De la tchatche et du blues énergies - huit juillet deux mille quatre - Bruno Colombari

, par Bruno

On se souviendra de ce Musiques à Gardanne 2004. Les Fabulous Trobadors et Michaël Jones ont largement justifié leur réputation au cours de deux soirées riches en émotion et en surprises.
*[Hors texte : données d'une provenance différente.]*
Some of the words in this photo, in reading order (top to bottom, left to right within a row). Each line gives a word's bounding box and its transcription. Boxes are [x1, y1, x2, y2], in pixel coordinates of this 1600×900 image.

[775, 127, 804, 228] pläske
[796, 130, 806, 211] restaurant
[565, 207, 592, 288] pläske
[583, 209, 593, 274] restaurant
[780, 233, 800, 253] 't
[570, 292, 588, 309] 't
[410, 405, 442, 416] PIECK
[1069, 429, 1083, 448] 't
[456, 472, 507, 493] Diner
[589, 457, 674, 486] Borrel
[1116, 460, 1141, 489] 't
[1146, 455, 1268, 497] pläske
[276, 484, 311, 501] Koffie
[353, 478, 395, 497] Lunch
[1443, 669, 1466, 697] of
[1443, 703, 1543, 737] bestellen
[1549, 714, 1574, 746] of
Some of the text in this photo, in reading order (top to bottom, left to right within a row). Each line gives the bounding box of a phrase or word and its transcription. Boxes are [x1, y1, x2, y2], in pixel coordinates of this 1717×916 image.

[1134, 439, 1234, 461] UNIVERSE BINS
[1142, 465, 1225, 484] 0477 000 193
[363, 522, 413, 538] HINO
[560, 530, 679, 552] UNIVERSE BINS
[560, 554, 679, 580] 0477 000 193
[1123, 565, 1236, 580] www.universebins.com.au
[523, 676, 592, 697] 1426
Le quart de finale de l’Euro France-Grèce allait-il concurrencer la première soirée de Musiques à Gardanne ? On aurait pu le penser, vendredi 25 juin en début de soirée. Calme relatif sur le cours, avec quelques attroupements devant les groupes installés en bas de la rue Borély ou devant l’immeuble Bontemps. Sur le cours Forbin, l’atelier scratch du service jeunesse montre son savoir faire. Les terrasses des cafés sont plutôt bien garnies, et les écrans de télévision permettent de garder le contact avec Lisbonne, où les nouvelles sont plutôt inquiétantes. L’ambiance monte d’un cran avec les Gardannais de Hurle Vent qui assurent la première partie sur scène. Huit mois après Souad Massi à la Maison du Peuple, ils ont gagné un musicien supplémentaire (contrebasse) et étoffé leur répertoire, avec une texture sonore particulièrement chaleureuse.
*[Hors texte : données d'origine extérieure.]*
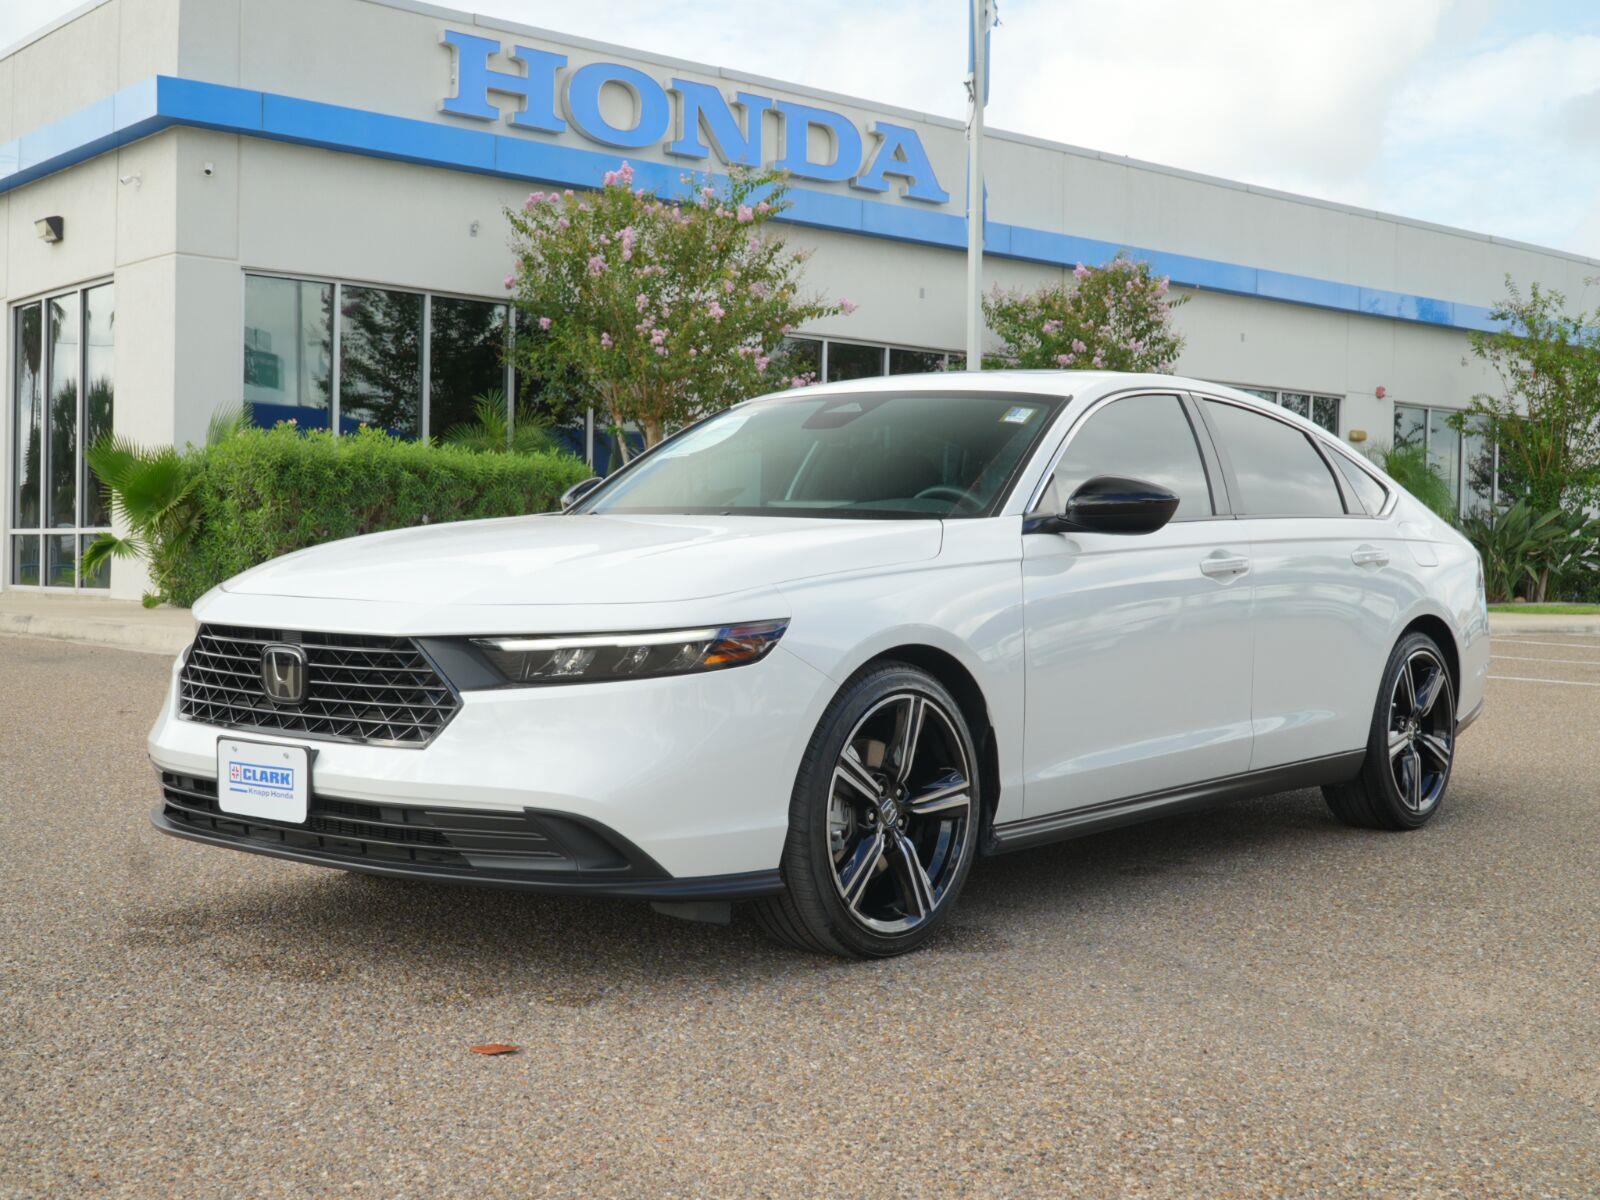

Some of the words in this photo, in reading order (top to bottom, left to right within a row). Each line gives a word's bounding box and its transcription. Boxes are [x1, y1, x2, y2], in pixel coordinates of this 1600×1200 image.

[438, 30, 950, 204] HONDA
[243, 768, 290, 785] CLARK
[248, 788, 270, 799] Knapp
[270, 790, 294, 799] Honda
A 23h10, pendant que les Bleus ruminent dans les vestiaires leur élimination sans gloire, Les Fabulous Trobadors s’apprêtent à justifier leur réputation. Claude Sicre et Ange B. sont accompagnés d’un bassiste, d’une batteuse, de deux choristes et de deux danseurs qui vont descendre à deux reprises au milieu du public pour entraîner la foule dans une ronde toulousaine où chacun se donne en spectacle à tour de rôle. En grande forme, les Occitans enchaînent avec deux autres spécialités maison : l’anniversaire sur scène de Florent, 23 ans, et Laurence, 30 ans (qui s’en souviendront) et les fameux duels de tchatche, éblouissante jonglerie verbale. Au bout d’un quart d’heure, l’élimination de la France est déjà oubliée. D’ailleurs, les coéquipiers de Zidane auraient pu s’inspirer des Fabulous Trobadors : maîtrise technique, changements de rythme incessants, percussion, accélérations foudroyantes, une-deux millimétrés, sens de l’esquive, créativité débordante, communion avec le public et par dessus tout une énorme envie de se faire plaisir. Tout ce qui a manqué aux Bleus sur la pelouse de Lisbonne était là, sur les planches de Gardanne, à portée de main, d’oreilles et de cœur.
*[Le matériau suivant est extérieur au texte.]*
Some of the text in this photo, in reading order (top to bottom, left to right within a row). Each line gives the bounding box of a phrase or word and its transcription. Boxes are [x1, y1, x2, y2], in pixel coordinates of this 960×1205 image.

Le ton est donné et le lendemain, le cours est pris d’assaut pour la deuxième soirée de ce qui s’avère déjà comme un grand cru de Musiques à Gardanne. Zic Zazou et son kiosque à musique itinérant entraîne le public de la place Dulcie-September à la place de la mairie, avant de conclure par un mini-feu d’artifice. Les Marseillais de Cinq avenues, un des quatre groupes lauréats du tremplin Courte Échelle, montrent déjà une belle maîtrise de la scène et séduisent avec leur rock français sincère et inventif. Arrive enfin Michaël Jones qui confie d’entrée : « je n’aurais jamais cru faire un jour un concert dans la ville que je traversais pour aller de Saint-Maximin à Plan de Campagne. Je suis content d’être là. » Et il le prouve en enchaînant blues et rock, français et anglais (son père, un Gallois, était du débarquement du 6 juin 1944 et a épousé une Normande), une chanson inédite écrite par Francis Cabrel (Marcher dans Memphis), une autre par Jean-Jacques Goldman (Le frère que j’ai choisi) et quelques reprises, notamment le Say it ain’t so de Murray Head. Son premier album solo est annoncé pour octobre.